In the aftermath of Ronald Reagan's death, many commentators have described George W. Bush as his political heir. In making that link, they are probably thinking of both men's tendency to describe foreign policy in moral terms, as a struggle against an "evil empire" or an "axis of evil."
But the comparison may go deeper. Beyond Reagan's rhetoric, he showed a pragmatic willingness to change course. That pragmatism was clear in his handling of foreign issues from Lebanon to the Soviet Union. And a similar pragmatism under pressure now seems to be gathering force in the Bush White House as the administration struggles to find an exit strategy from Iraq.
Reagan was a Protean leader, capable, like the Greek god, of changing form depending on political needs and circumstances. He talked tough but generally acted with restraint. That ability -- to combine an adaptive and often compromising political approach with the reassuring, changeless language of values -- was part of Reagan's political genius.
Reagan demonstrated his willingness to alter course in Lebanon. In a burst of nation-building enthusiasm, he had sent troops into that war-ravaged country in 1982. But after suicide bombers destroyed the U.S. Embassy and Marine barracks there in 1983, Reagan decided to cut his losses and evacuate American troops. The political damage was eased by Reagan's near-simultaneous invasion of the tiny Caribbean nation of Grenada.
The pullout from Lebanon was either an amoral retreat under fire or a prudent exercise of realpolitik, depending on your perspective. But politically, it was obviously a winner. Most Americans agreed with Reagan that Lebanon wasn't worth the cost in American lives. A somewhat more dubious example of the Reagan administration's realpolitik in the Middle East was the decision to trade arms to Iran to secure the release of U.S. hostages in Lebanon. When the secret deal became public, Reagan managed the political fallout partly by insisting he had done nothing of the sort.
Reagan's greatest achievement was to mobilize moralism and pragmatism in a way that eventually toppled the Soviet Union. He dared to reject the notion that the Soviet "evil empire" was a fact of life just because the Russians had nuclear weapons. Reagan backed up that commitment by fighting proxy wars in Nicaragua, Angola and Afghanistan. But by the late 1980s, he was engaging Mikhail Gorbachev in a web of agreements on arms control and human rights -- helping foster a process of change inside the Soviet Union that ultimately destroyed communist rule. Part of what made Reagan's principled positions viable was the fact that his key advisers were supremely realistic in carrying them out. That was certainly true of James Baker, who was Reagan's chief of staff and later treasury secretary, and of Colin Powell, who was Reagan's last national security adviser.

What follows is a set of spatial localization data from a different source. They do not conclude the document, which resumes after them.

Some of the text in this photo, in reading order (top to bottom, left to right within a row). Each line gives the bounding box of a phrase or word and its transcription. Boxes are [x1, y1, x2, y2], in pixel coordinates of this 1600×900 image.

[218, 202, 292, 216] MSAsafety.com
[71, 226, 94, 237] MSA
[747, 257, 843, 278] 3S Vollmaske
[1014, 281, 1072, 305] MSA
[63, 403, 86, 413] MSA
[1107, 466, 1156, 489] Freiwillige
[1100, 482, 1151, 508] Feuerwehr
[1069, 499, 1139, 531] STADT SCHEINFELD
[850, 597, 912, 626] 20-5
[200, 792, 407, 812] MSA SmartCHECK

Bush's rhetorical style has, if anything, been even more unyielding than Reagan's. Bush's critics and supporters alike have tended to focus on this seeming inflexibility -- especially as America's difficulties in Iraq have mounted. But under the rubric of "stay the course," the Bush administration over the past several months has in fact begun executing a sharp change of course. One could almost call the adjustment of strategy "Reaganesque."

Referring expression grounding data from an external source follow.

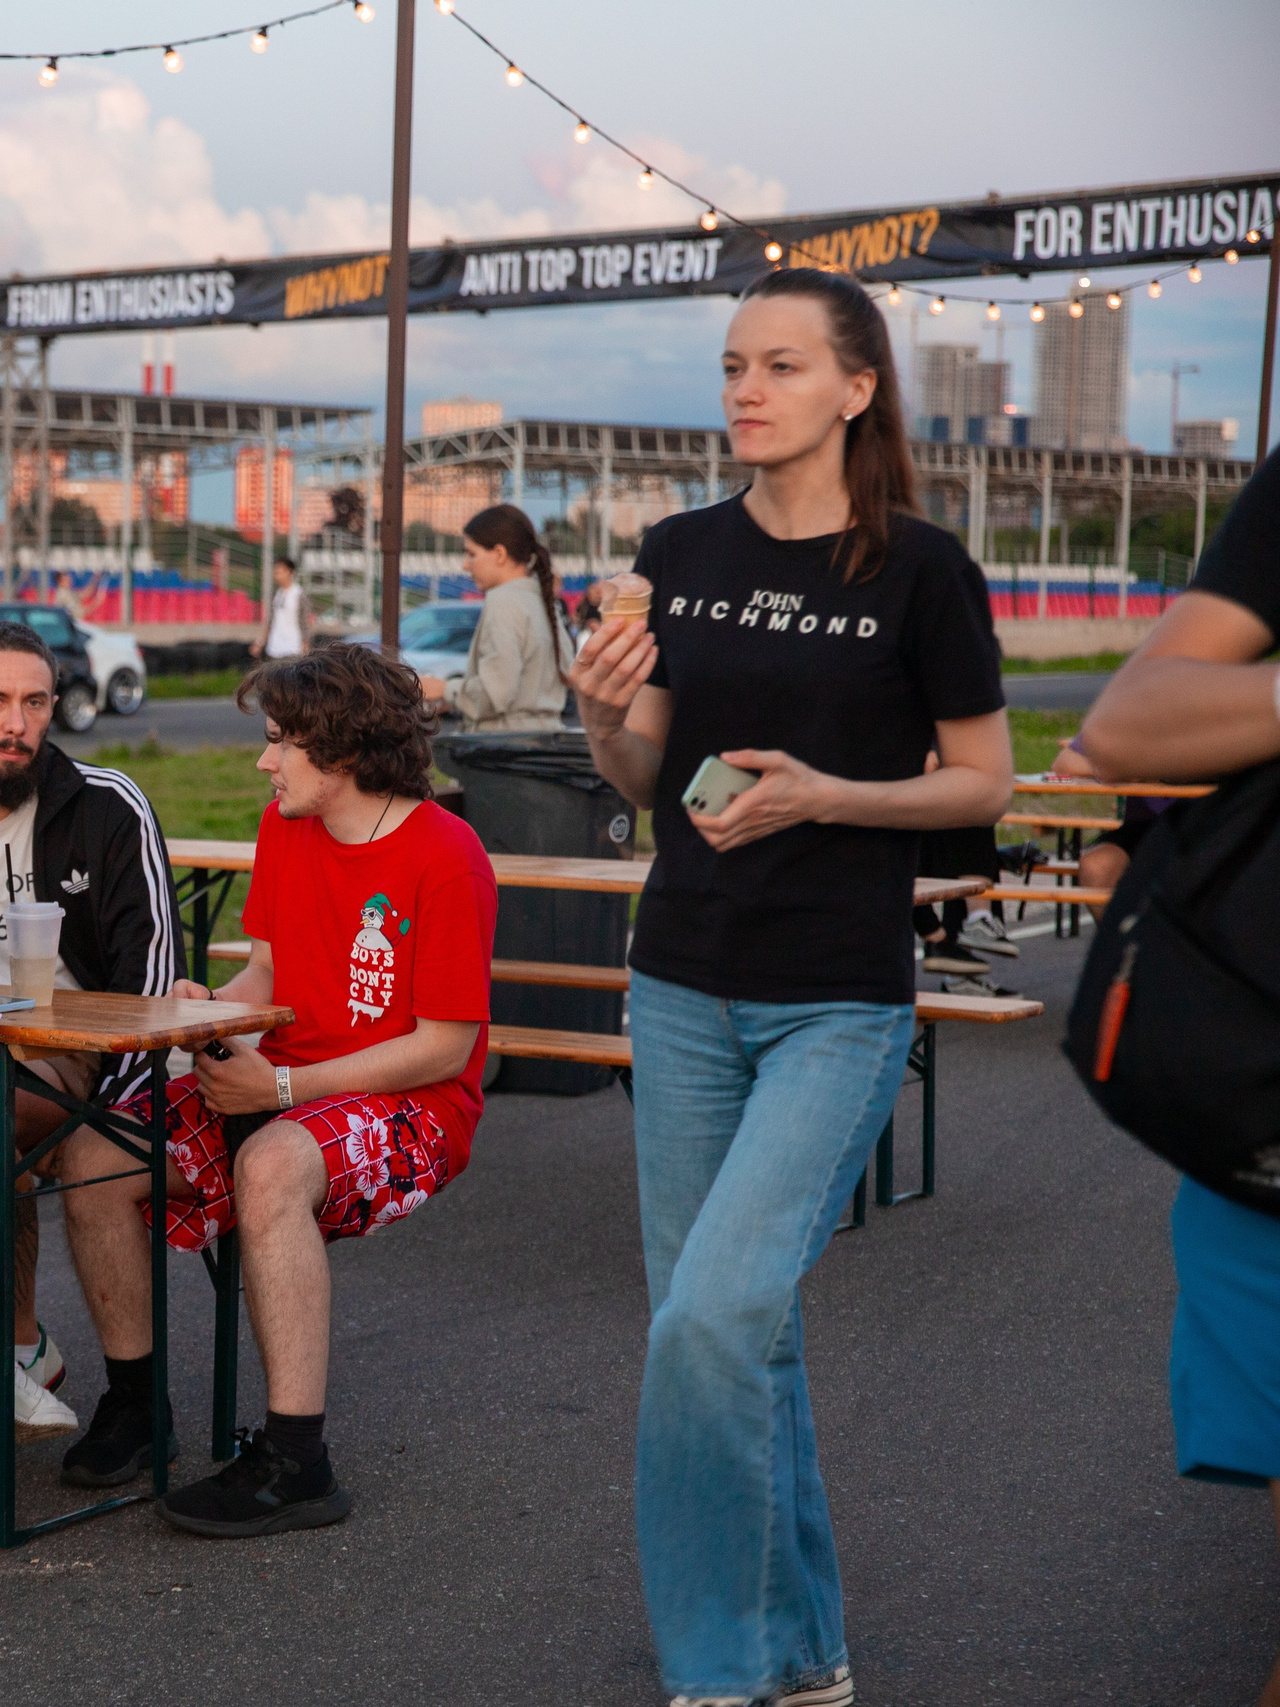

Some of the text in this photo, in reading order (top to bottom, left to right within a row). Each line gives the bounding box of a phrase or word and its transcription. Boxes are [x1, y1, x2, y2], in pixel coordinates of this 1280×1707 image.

[6, 283, 73, 327] FROM
[74, 270, 235, 324] ENTHUSIASTS
[459, 252, 521, 297] ANTI
[524, 247, 577, 292] TOP
[578, 243, 631, 289] TOP
[631, 237, 723, 287] EVENT
[1013, 205, 1083, 260] FOR
[1090, 186, 1280, 255] ENTHUSIA
[748, 589, 805, 612] JOHN
[669, 597, 877, 638] RICHMOND
[349, 982, 393, 1006] CRY

The pragmatic core of this new policy is evident: Where the Bush administration once disdained a role for the United Nations in postwar Iraq, it is now insisting on one; where it once talked of radical de-Baathification, it just engineered the appointment of an interim prime minister, Ayad Allawi, who is committed to bringing Baathists into the government and who is himself an ex-member of the party; after funneling tens of millions of dollars to Iraqi exile leader Ahmed Chalabi, it has now thrown him overboard.

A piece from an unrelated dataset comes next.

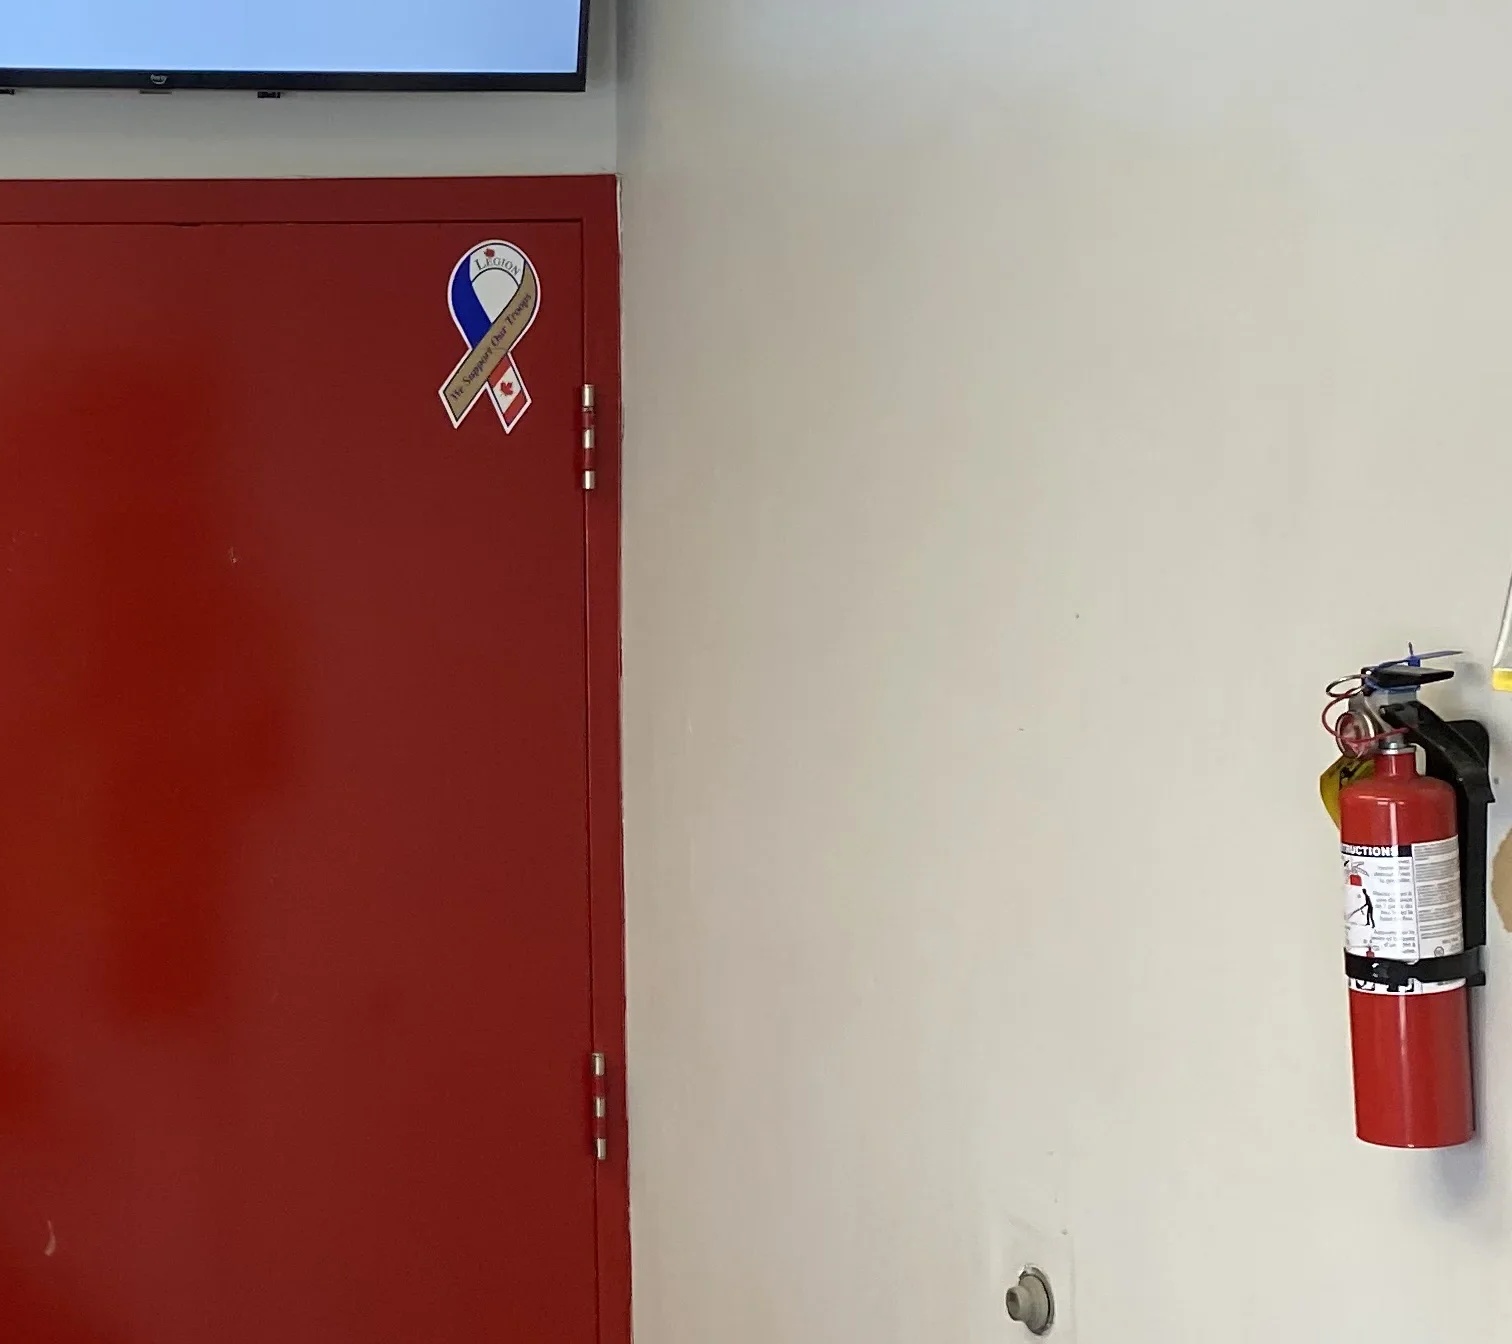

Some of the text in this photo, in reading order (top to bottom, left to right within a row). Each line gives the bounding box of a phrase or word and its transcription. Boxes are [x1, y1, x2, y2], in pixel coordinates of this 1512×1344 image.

[462, 347, 493, 385] Support
[490, 326, 508, 347] Our
[504, 294, 532, 326] Troops

The key policy changes seem to have come two months ago, when the administration was on the verge of launching what would have amounted to a new war in Iraq, against Sunni insurgents in Fallujah and Shiite followers of Moqtada Sadr in Najaf. Sensing the potential costs, the administration stepped back from that brink of confrontation -- and began focusing on ending the occupation. The architect of the revised Iraq strategy is Robert Blackwill, who is a deputy to national security adviser Condoleezza Rice and years ago was Rice's first boss when she served on the National Security Council staff of Bush's father. The new policy isn't always a pretty sight, and it involves some compromises of principle, but that's often the case with realpolitik.
Realism has become something of a dirty word for conservatives. But they should recognize that for all Reagan's bravado, he was a master of combining pragmatism and principle. In this, too, Bush may now be following his mentor.